§ Exercise instructions
The records are to be repeated in full, with the images removed.

§ Recorded information
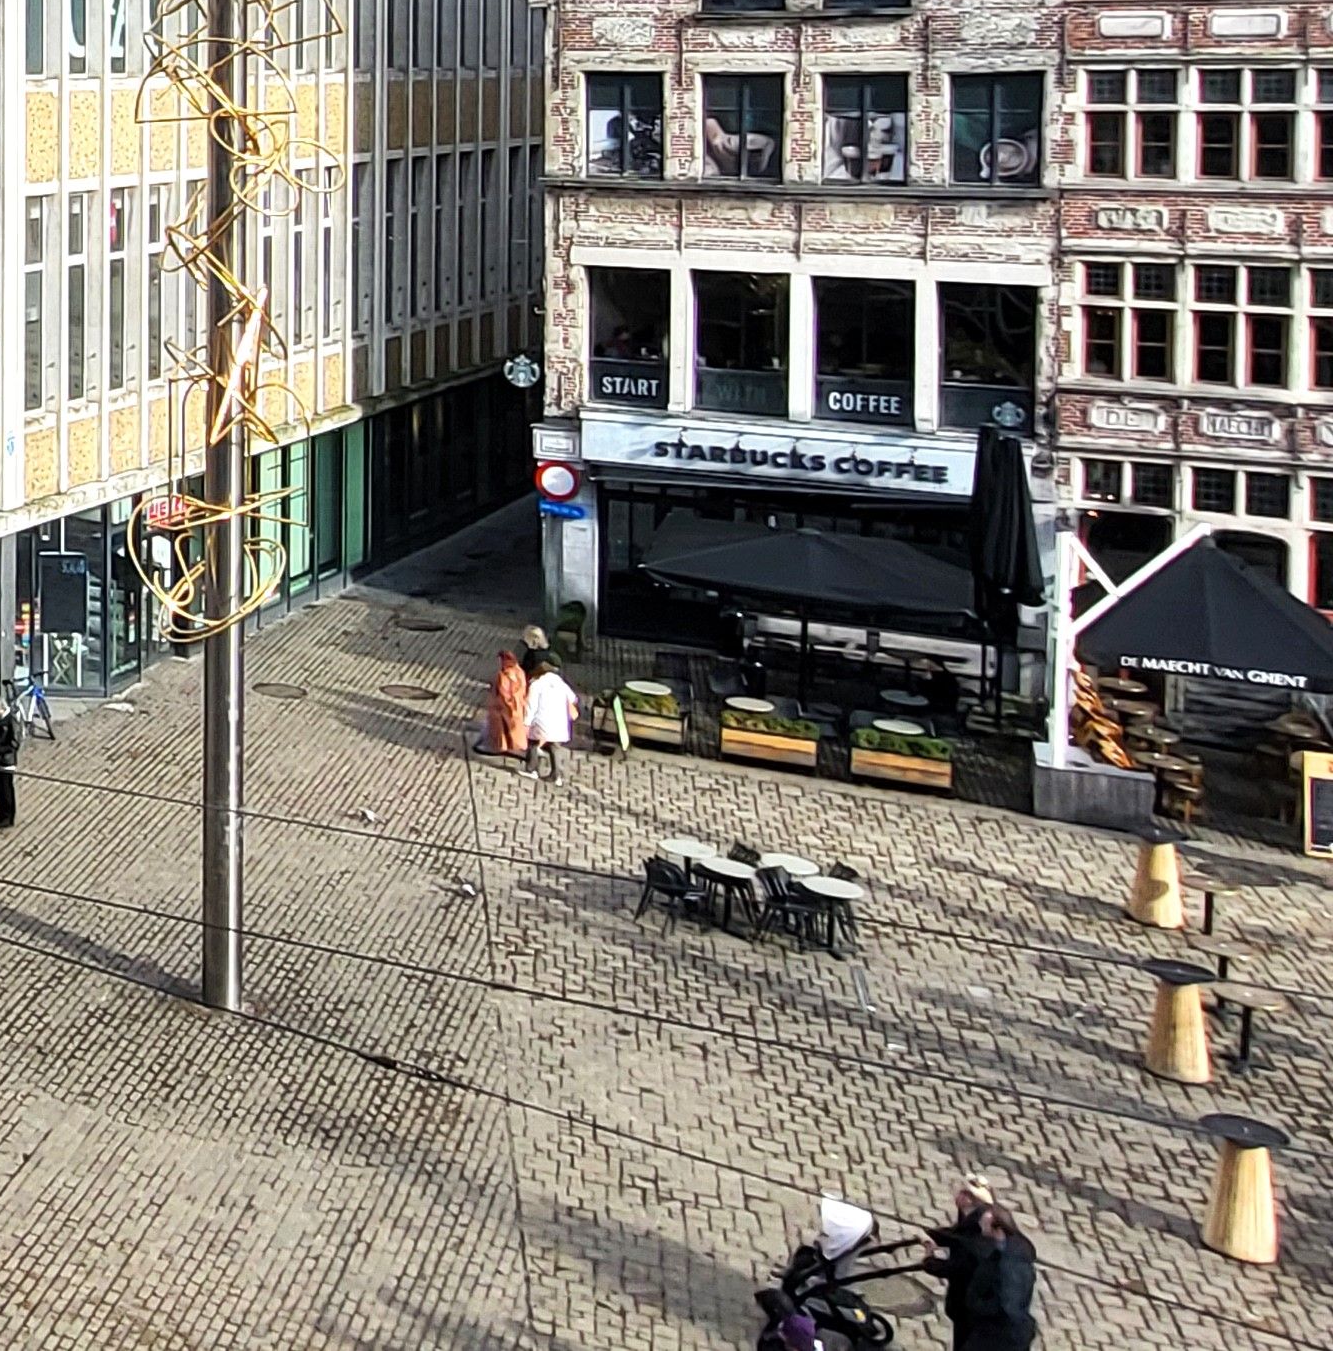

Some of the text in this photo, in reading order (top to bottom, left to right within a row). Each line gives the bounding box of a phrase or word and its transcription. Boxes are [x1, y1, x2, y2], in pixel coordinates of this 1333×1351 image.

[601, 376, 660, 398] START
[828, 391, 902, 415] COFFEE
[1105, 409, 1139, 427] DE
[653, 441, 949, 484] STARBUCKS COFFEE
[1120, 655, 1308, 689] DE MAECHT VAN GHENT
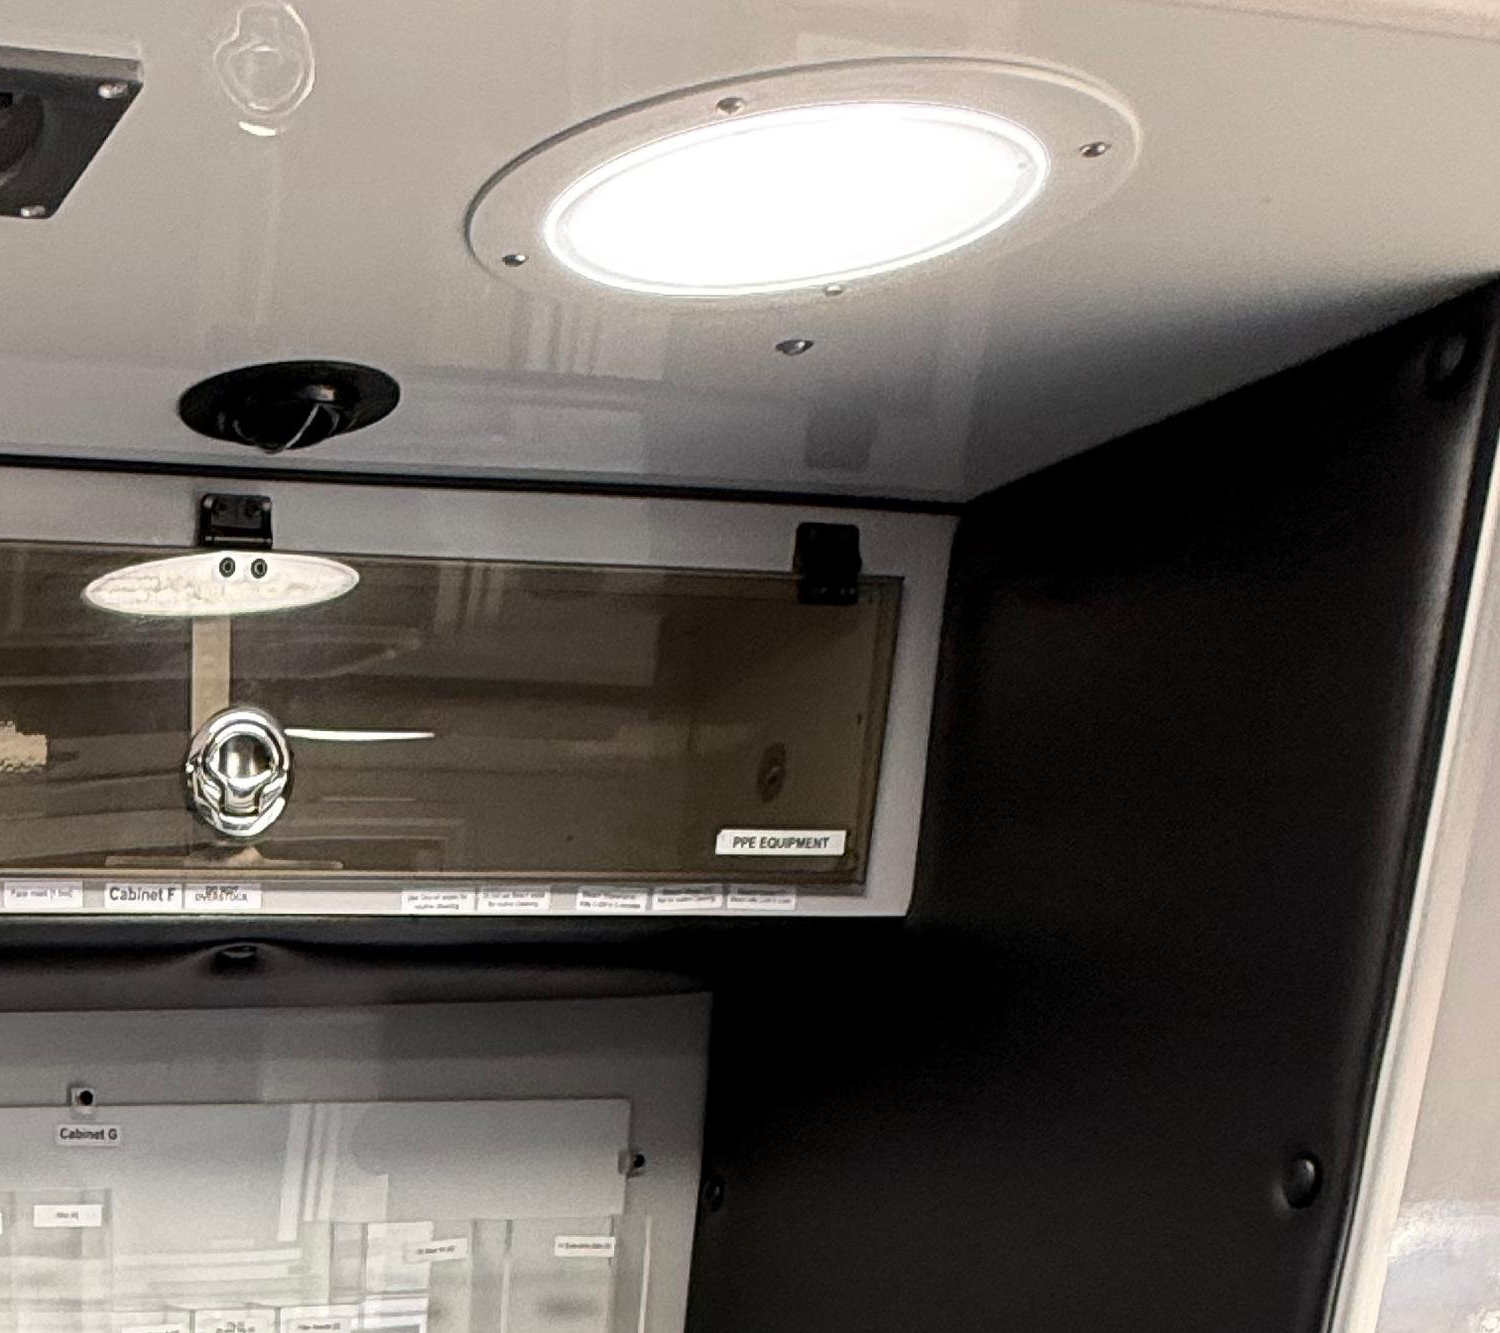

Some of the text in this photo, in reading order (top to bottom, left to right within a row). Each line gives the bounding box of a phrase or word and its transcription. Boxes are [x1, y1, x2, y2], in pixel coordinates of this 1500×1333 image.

§ Response
Some of the text in this photo, in reading order (top to bottom, left to right within a row). Each line gives the bounding box of a phrase or word and its transcription. Boxes are [x1, y1, x2, y2], in pixel coordinates of this 1333×1351 image.

[601, 376, 660, 398] START
[828, 391, 902, 415] COFFEE
[1105, 409, 1139, 427] DE
[653, 441, 949, 484] STARBUCKS COFFEE
[1120, 655, 1308, 689] DE MAECHT VAN GHENT

Some of the text in this photo, in reading order (top to bottom, left to right within a row). Each line gives the bounding box of a phrase or word and its transcription. Boxes are [x1, y1, x2, y2], in pixel coordinates of this 1500×1333 image.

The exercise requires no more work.